During last year’s Salone del Mobile, the luxury brand Sicis presented different new pieces that showcased the richness of materials, such as marble and wood, and the use of fabrics with compact weaves and strong visual dynamism.
However, in addition to furnishings with fluid elegant lines, the multi-dimensional walls of Vetrite with complex artistic mosaics (that have always been the brand’s main product) were the most popular resource of the collection.
Sicis mosaics alternate tradition and innovation harmoniously to intertwine technology and art, boldness and understated elegance, and glamour and simplicity to create works of art that are truly balanced objects of design, art and traditional Italian craftsmanship.
An example of absolutely stunning mosaic art was made by the artist-designer Miriam Alía during the event Casa Decor 2019 in Madrid.
With a delicate obsession for details, the artist collaborated in this new challenge by Sicis and based the work on particular combinations of materials and shading. The result was surprising.
The designer succeeded in using mosaic art masterfully, in different forms and with a range of materials, including the ever-present Vetrite, to create a marvellous installation: a room full of energy, light and colour with an artistic mosaic that conveyed three-dimensional depth through a particular interplay of reflections and shaded coloured tiles.
The installation also featured lights, the designer’s true passion. Built into the wall, these lights backlit the mosaic with decisively “pop” neon lights, floor lamps and a large ceiling lamp that harmonized the entire presentation.

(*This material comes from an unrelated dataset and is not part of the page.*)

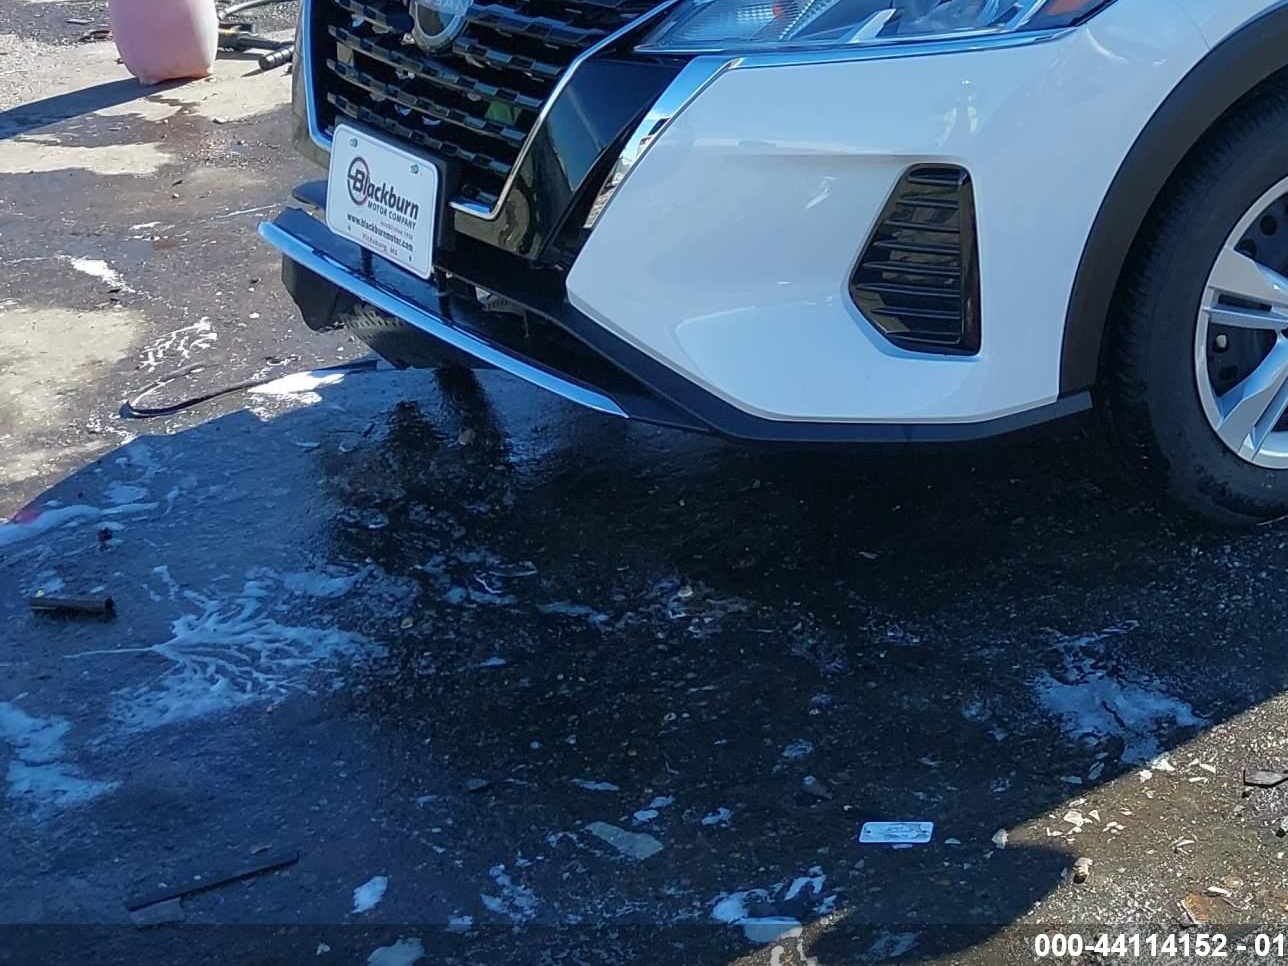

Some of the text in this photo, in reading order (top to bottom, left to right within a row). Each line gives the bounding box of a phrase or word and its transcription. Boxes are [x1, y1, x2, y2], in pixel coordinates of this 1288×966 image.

[347, 168, 419, 220] Blackburn
[347, 214, 414, 251] www.blackburnmotor.com
[367, 200, 416, 230] MOTOR COMPANY
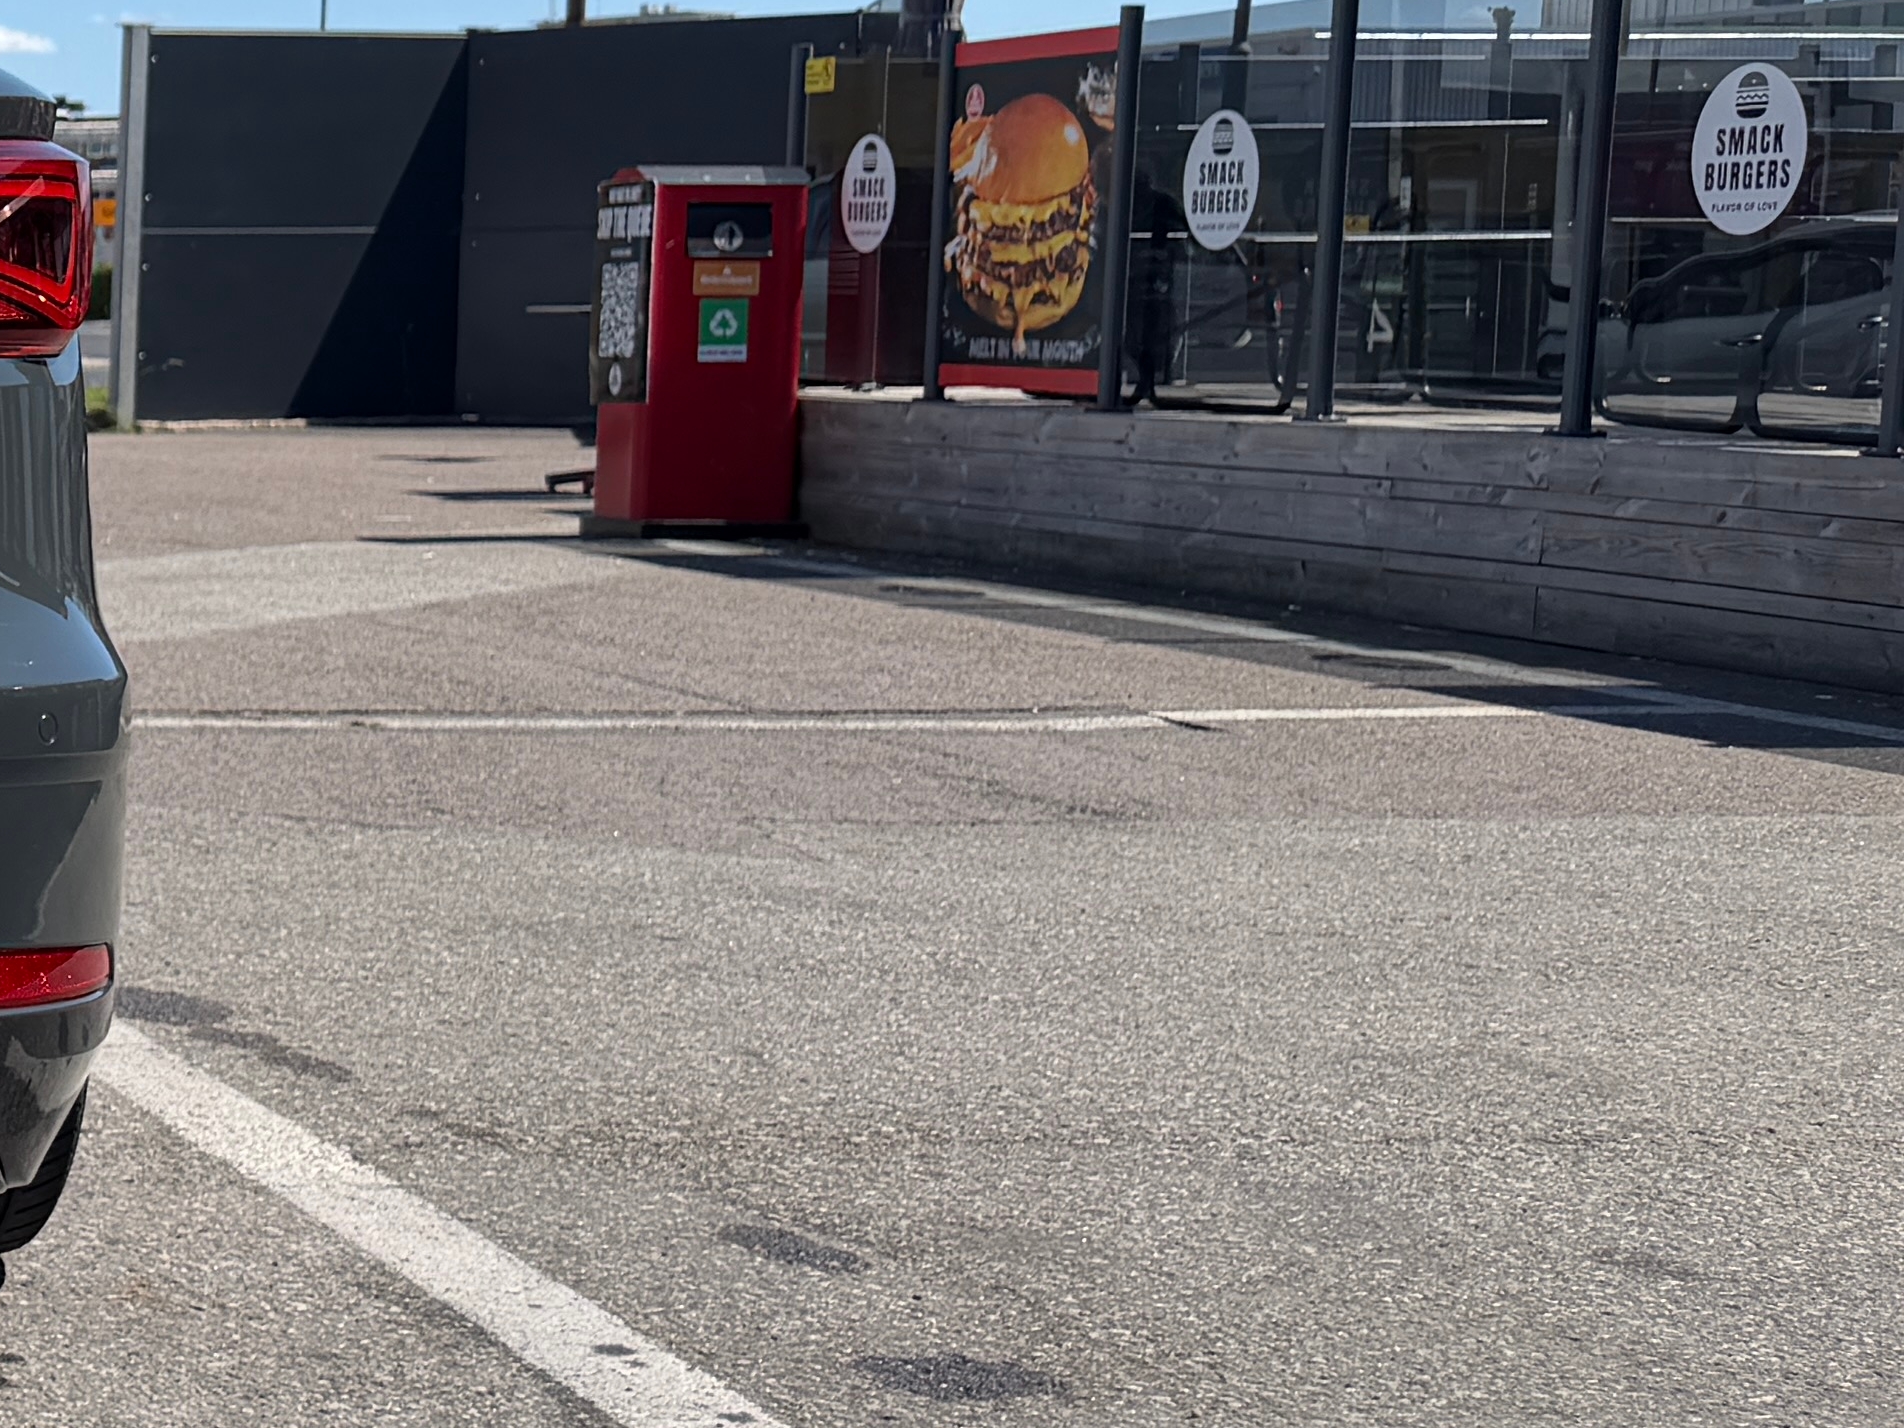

This was only one of the brand’s most recent projects done with mosaics. Naturally, Sicis produces many different proposals that all adapt perfectly to furniture and furnishings schemes, often being perfectly “incorporated” into them. For example, the last walk-in closet designed by Marco Piva was an extraordinary project where Vetrite was combined with fabrics and other materials, and many different finishes were used.